* **Dataset entries**:
┄┄┄┄┄┄┄┄┄┄

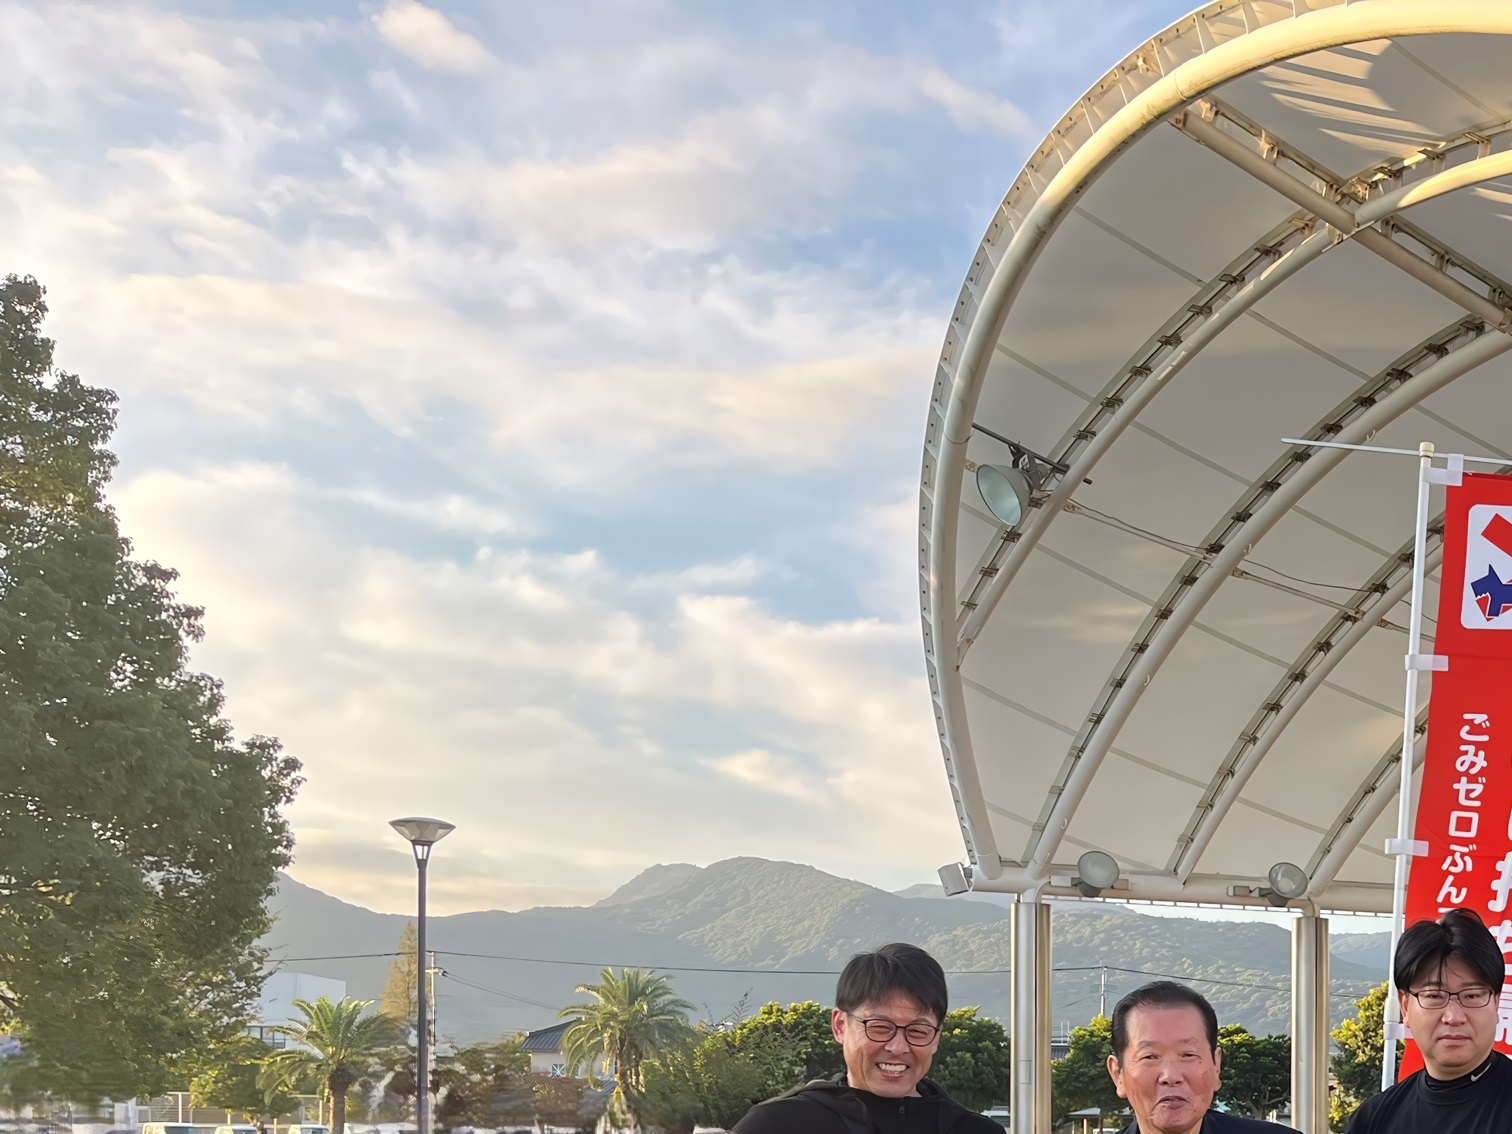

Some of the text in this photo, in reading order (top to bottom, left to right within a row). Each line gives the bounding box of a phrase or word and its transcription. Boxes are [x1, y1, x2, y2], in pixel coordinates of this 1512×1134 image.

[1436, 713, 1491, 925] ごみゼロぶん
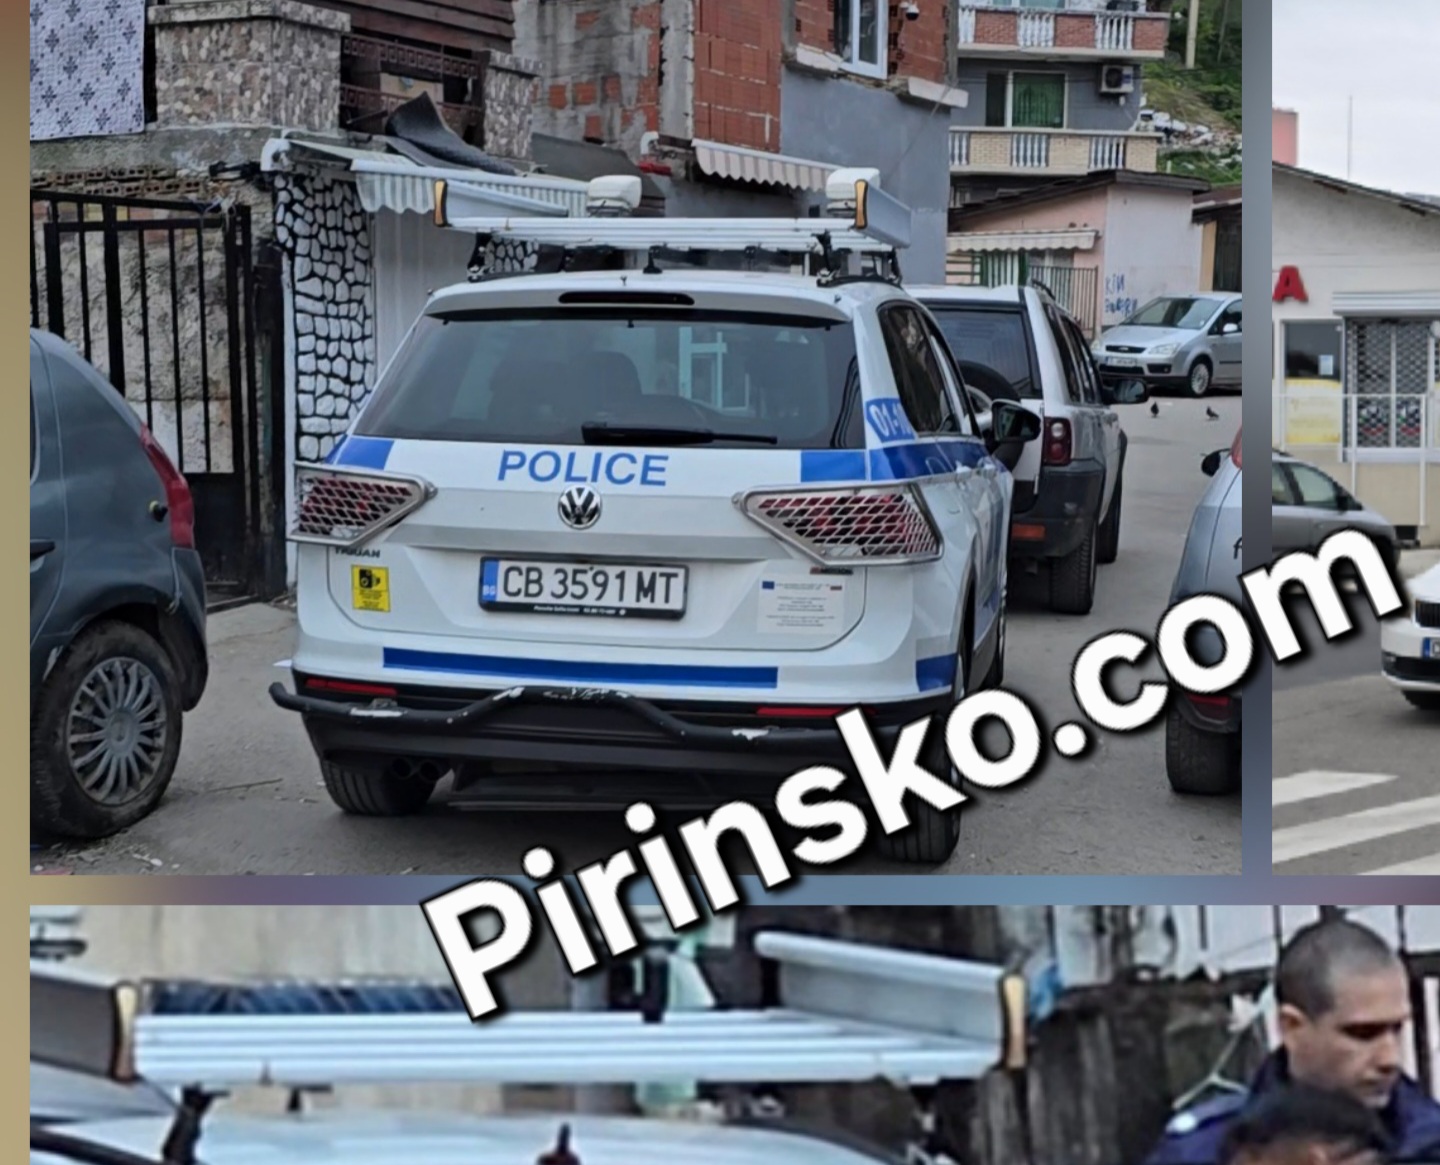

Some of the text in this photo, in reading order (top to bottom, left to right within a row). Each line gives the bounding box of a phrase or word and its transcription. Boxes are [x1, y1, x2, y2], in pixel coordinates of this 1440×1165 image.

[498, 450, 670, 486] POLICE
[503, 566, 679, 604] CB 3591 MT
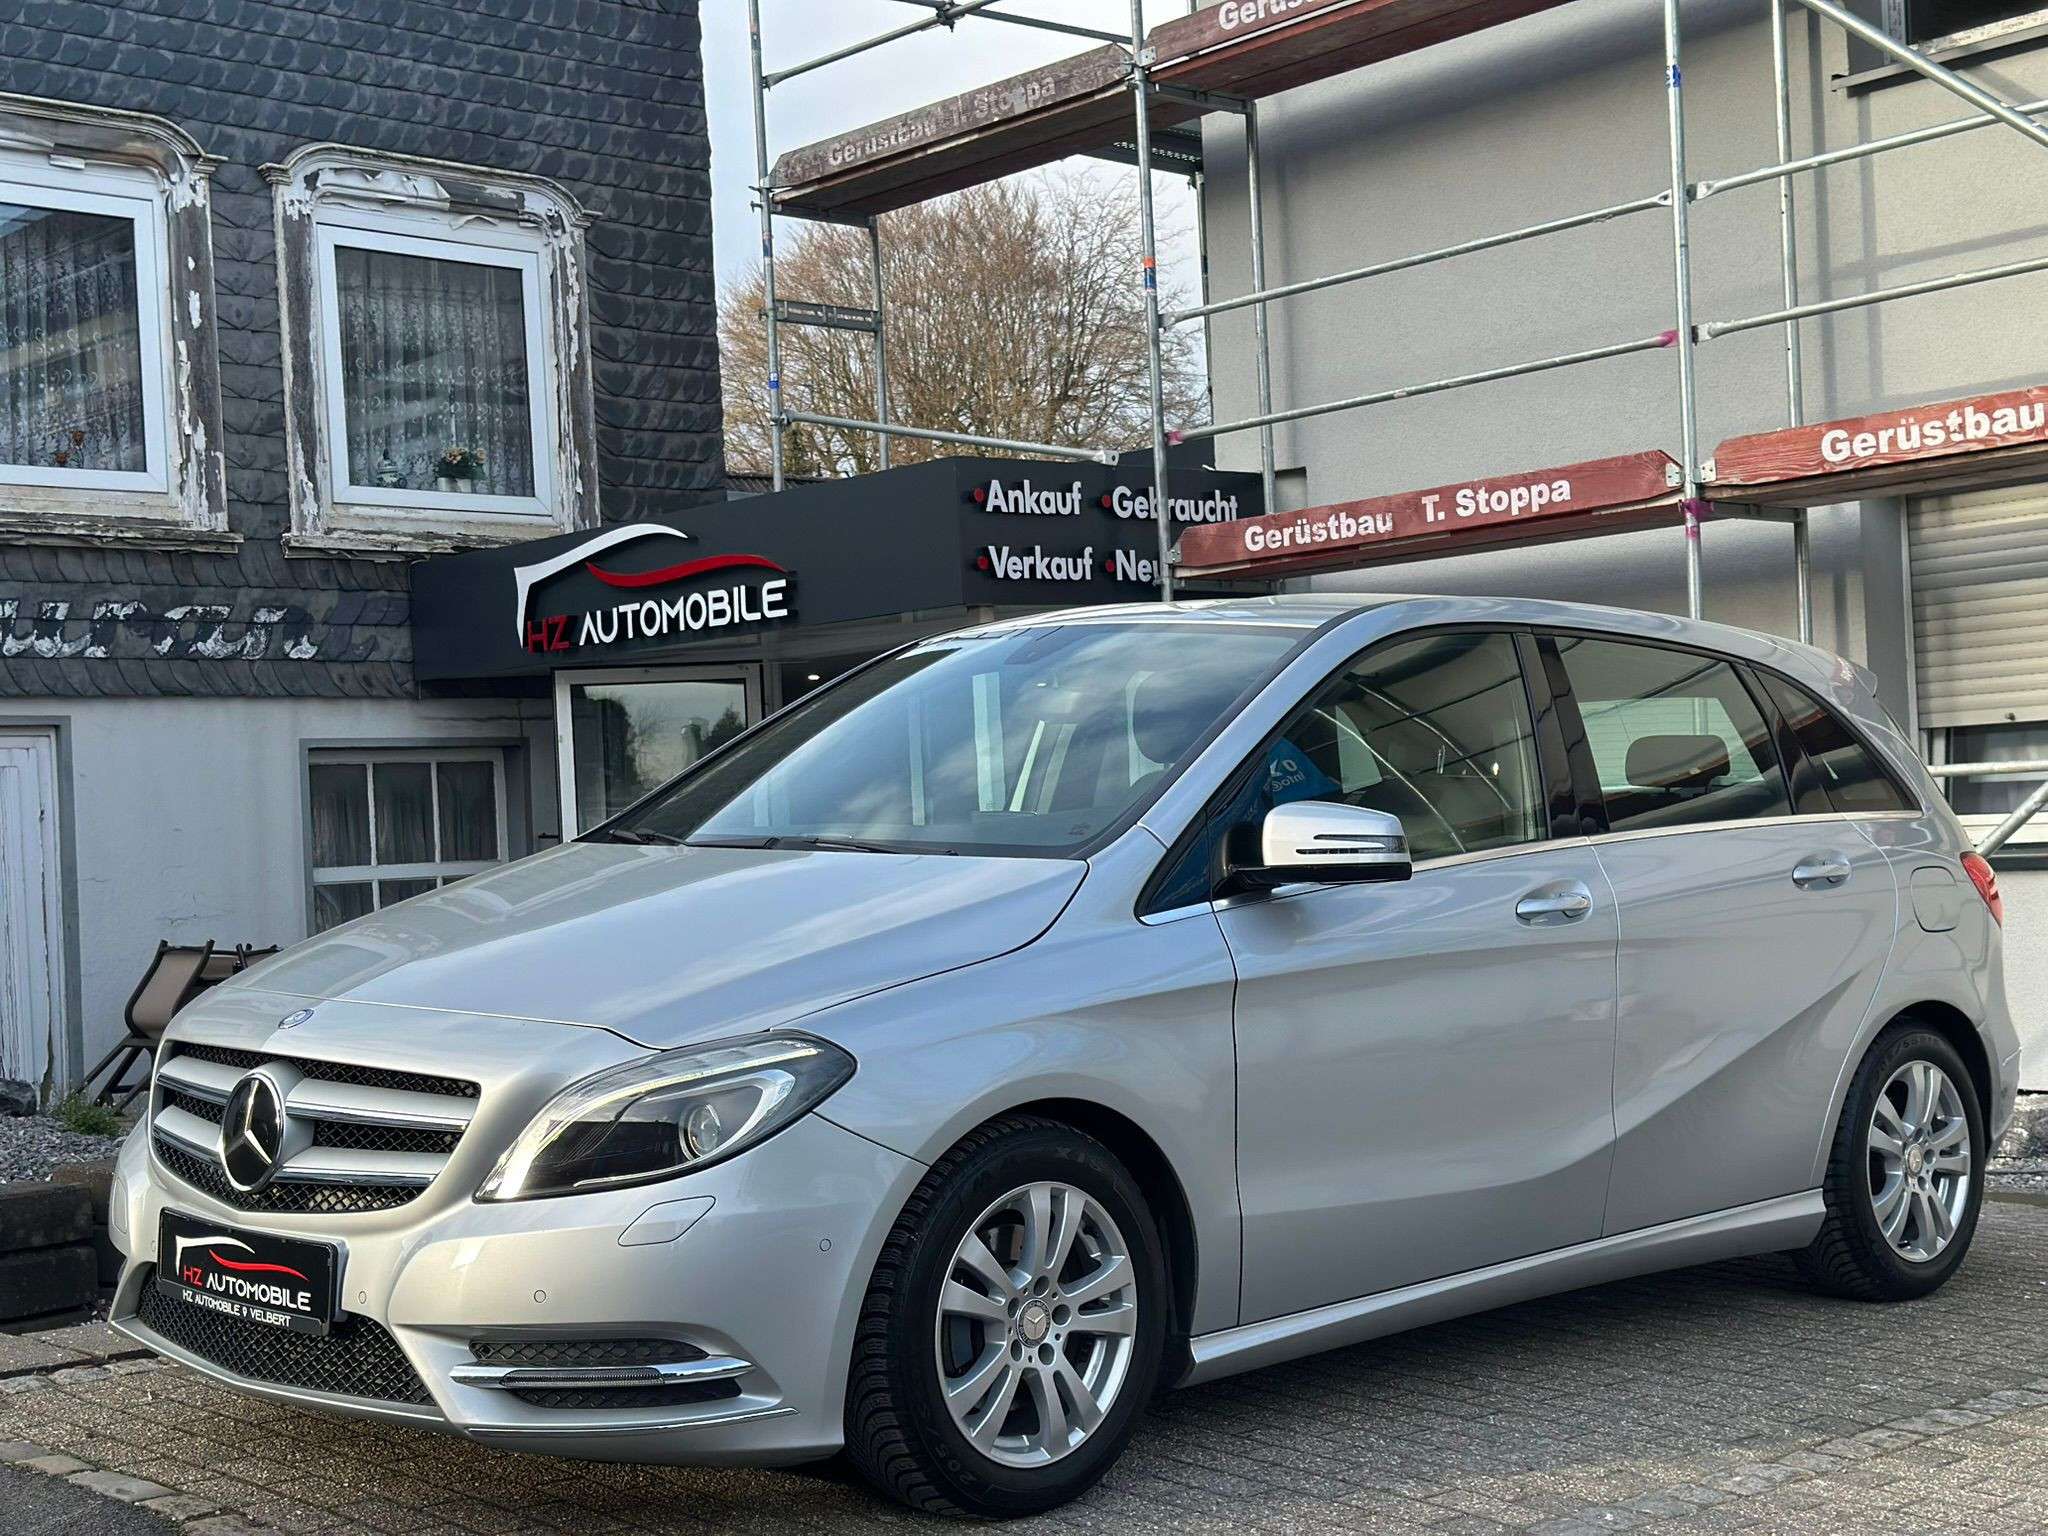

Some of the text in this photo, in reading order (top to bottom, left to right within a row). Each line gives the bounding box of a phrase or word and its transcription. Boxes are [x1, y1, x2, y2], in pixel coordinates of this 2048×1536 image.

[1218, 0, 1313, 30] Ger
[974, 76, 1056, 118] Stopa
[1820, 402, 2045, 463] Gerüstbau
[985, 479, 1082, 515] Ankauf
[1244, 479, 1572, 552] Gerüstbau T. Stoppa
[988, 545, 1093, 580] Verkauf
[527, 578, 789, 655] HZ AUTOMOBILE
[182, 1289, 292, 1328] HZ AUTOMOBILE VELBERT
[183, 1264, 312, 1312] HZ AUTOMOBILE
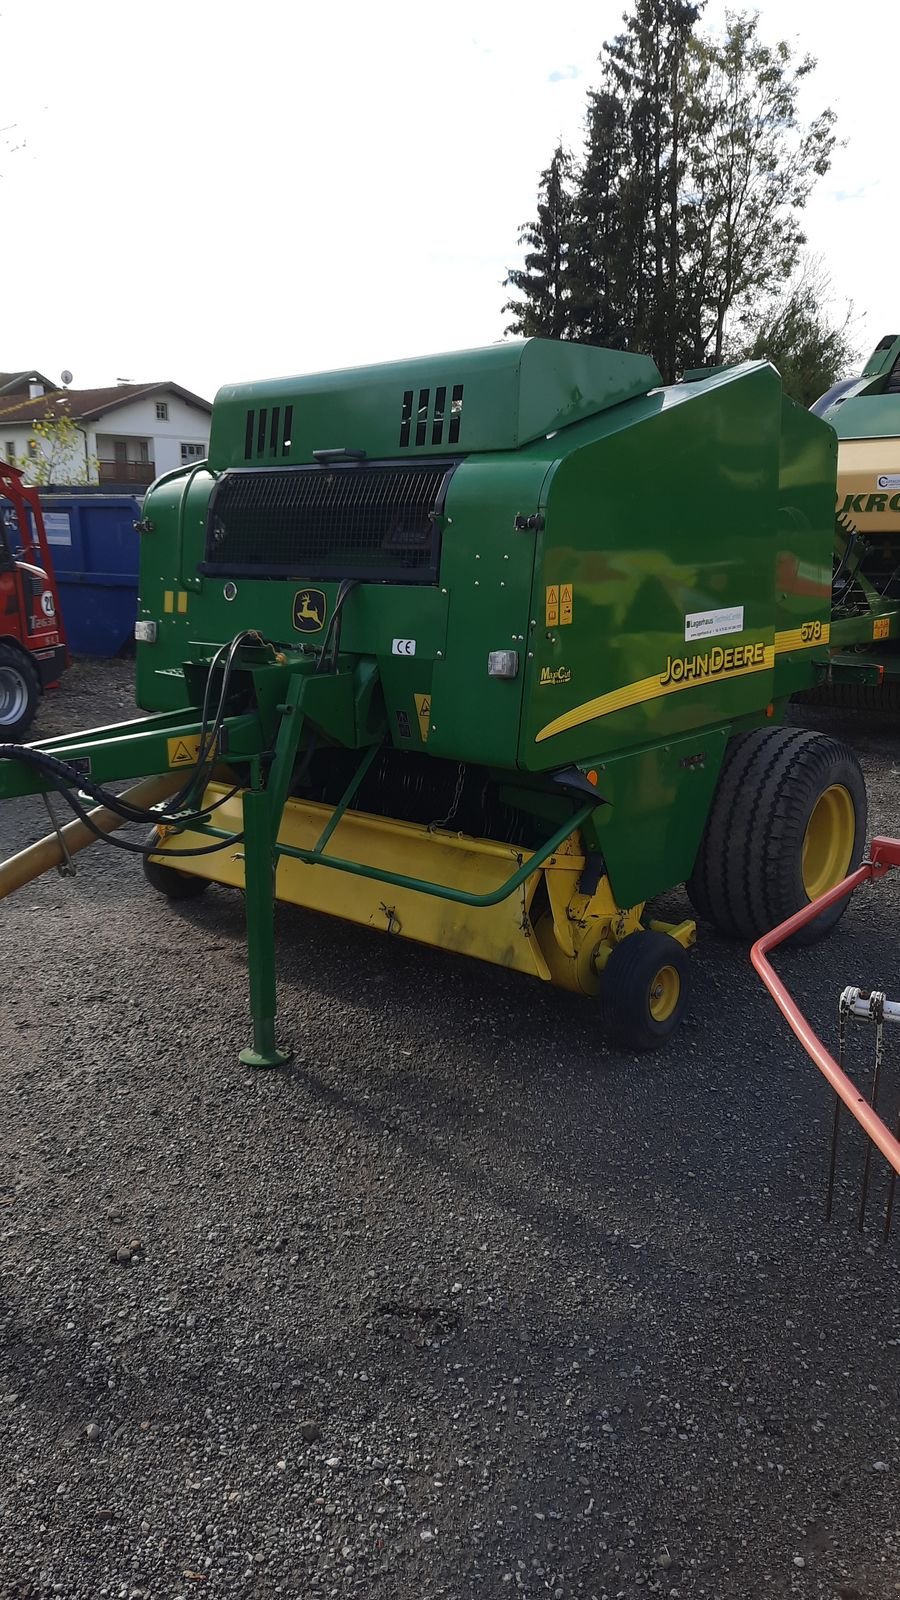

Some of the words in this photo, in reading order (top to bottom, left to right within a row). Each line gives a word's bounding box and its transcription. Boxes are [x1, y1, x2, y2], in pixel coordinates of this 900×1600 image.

┄┄┄┄┄┄┄┄┄┄

* **Your task**: Without copying any picture, repeat all of the entries exactly.

* **Result of the exercise**:
Some of the text in this photo, in reading order (top to bottom, left to right within a row). Each line gives the bounding box of a phrase or word and its transcription. Boxes are [x1, y1, x2, y2], in pixel coordinates of this 1512×1134 image.

[1436, 713, 1491, 925] ごみゼロぶん

Some of the text in this photo, in reading order (top to bottom, left to right within a row). Each line gives the bounding box of a phrase or word and its transcription. Boxes are [x1, y1, x2, y2], in pixel coordinates of this 1440×1165 image.

[498, 450, 670, 486] POLICE
[503, 566, 679, 604] CB 3591 MT

Some of the text in this photo, in reading order (top to bottom, left to right within a row). Each line gives the bounding box of a phrase or word and its transcription. Boxes are [x1, y1, x2, y2], in pixel coordinates of this 2048×1536 image.

[1218, 0, 1313, 30] Ger
[974, 76, 1056, 118] Stopa
[1820, 402, 2045, 463] Gerüstbau
[985, 479, 1082, 515] Ankauf
[1244, 479, 1572, 552] Gerüstbau T. Stoppa
[988, 545, 1093, 580] Verkauf
[527, 578, 789, 655] HZ AUTOMOBILE
[182, 1289, 292, 1328] HZ AUTOMOBILE VELBERT
[183, 1264, 312, 1312] HZ AUTOMOBILE

Some of the words in this photo, in reading order (top to bottom, left to right within a row). Each line gives a word's bounding box and its transcription. Boxes are [x1, y1, x2, y2], in pixel coordinates of this 900×1600 image.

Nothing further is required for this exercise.